Re: RARA-AVIS: Noir Horror?

From: Bob Toomey ( btoomey@javanet.com)
Date: 09 Feb 2000


Z0MB0Y@aol.com wrote:
>
> In a message dated 2/8/00 7:42:24 PM Pacific Standard Time,
> btoomey@javanet.com writes:
>
> << But the goals of horror are completely different from the goals of
> hardboiled. Hardboiled is grounded in a skeptical, cynical, unsentimental
> view of the world.
> Horror is the polar opposite -- romantic, sentimental, emotional. >>
>
> You're talking about gothic horror only. I can't think of any movie less
> romantic or sentimental than THE TEXAS CHAINSAW MASSACRE, for instance.
> Cronnenberg, when he's hitting on all cylinders, is very cynical and
> cerebral. He is horrified with the world, or aspects of it, and wants to pass
> that horror along to the audience. Horror, as an emotion, comes from a sense
> of alienation, which is an extreme form of cynicism.
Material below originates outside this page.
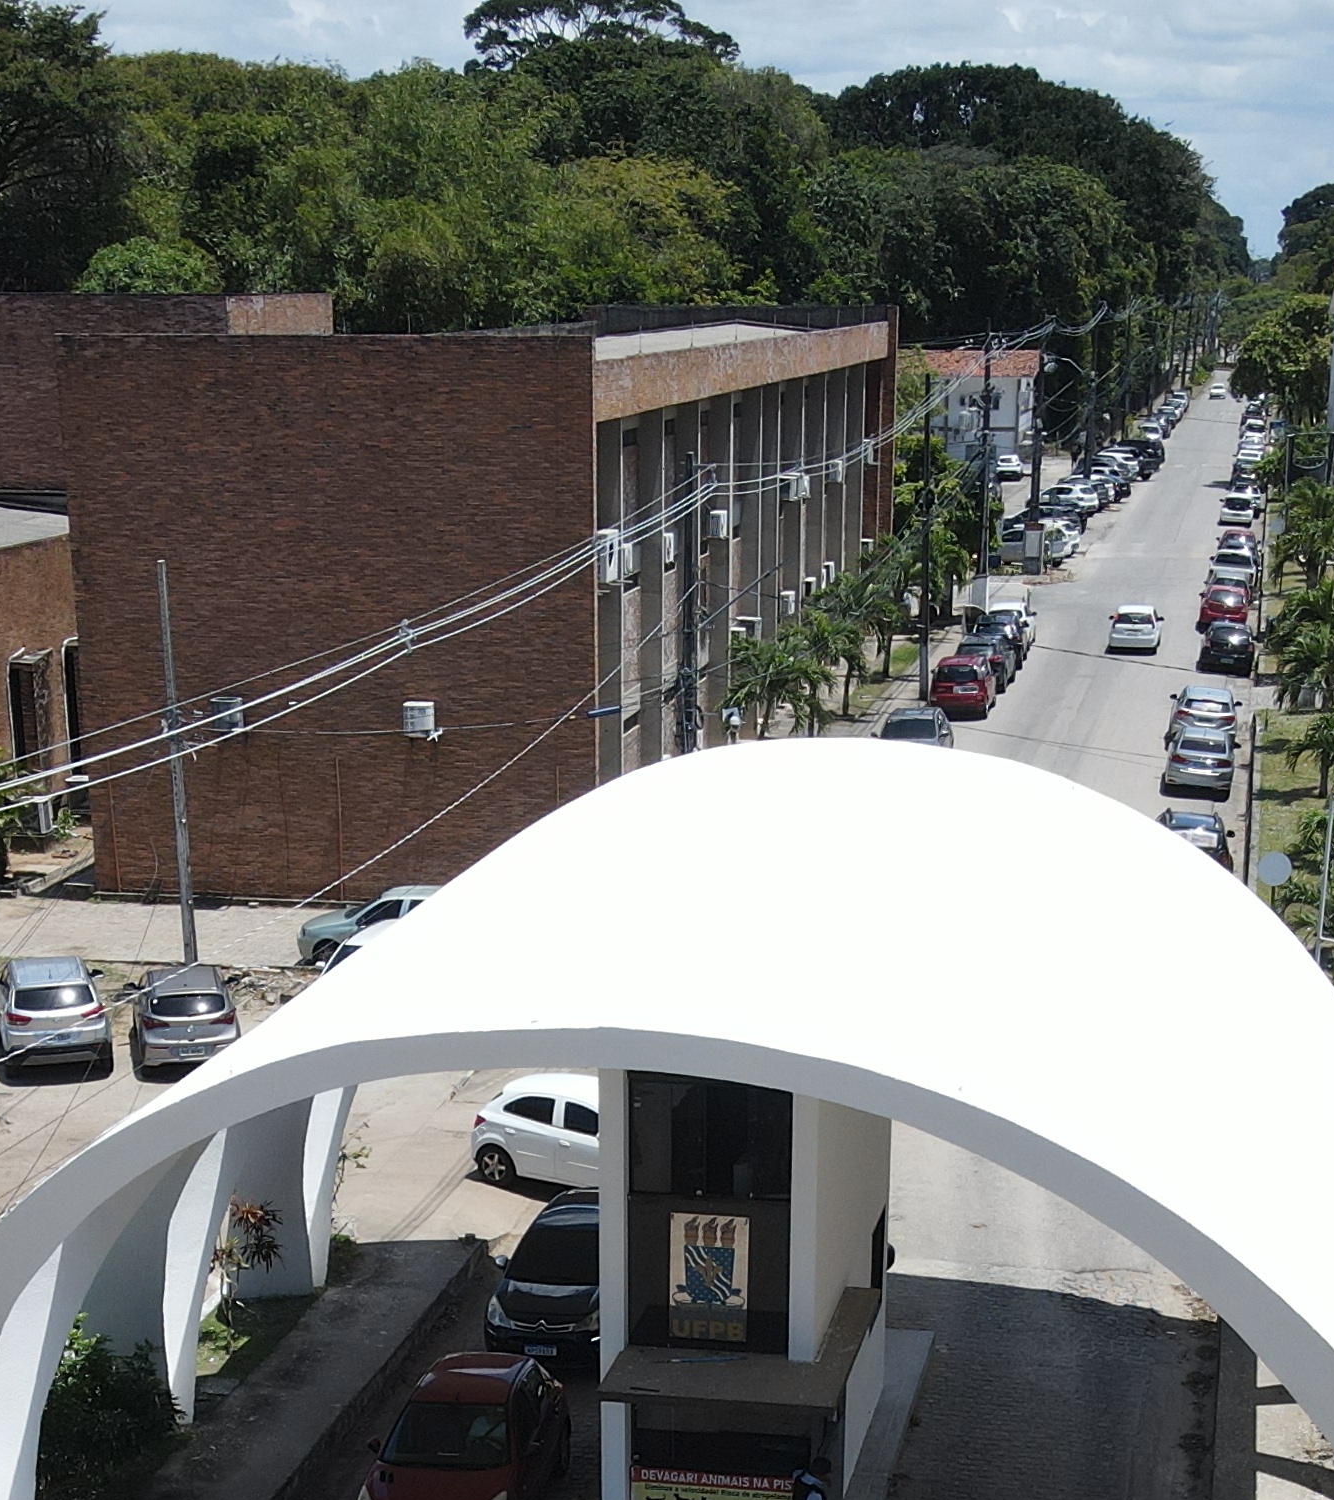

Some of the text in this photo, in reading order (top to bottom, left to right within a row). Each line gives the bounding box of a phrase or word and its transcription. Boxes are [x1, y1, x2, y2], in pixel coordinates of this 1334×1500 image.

[672, 1319, 744, 1341] UFPB
[641, 1469, 697, 1484] DEVAGAR!
[701, 1474, 750, 1487] ANIMAIS
[753, 1478, 769, 1488] NA
Actually, I was talking about literary horror, not movie horror. In the classical sense, the literary horror story seeks to create fear in the audience. Fear is not a cynical emotion.

You're right about Cronenberg. But THE TEXAS CHAINSAW MASSACRE, a movie I admire, is quite remantic and sentimental in its view of its warped family of freaks, like a twisted version of the Waltons.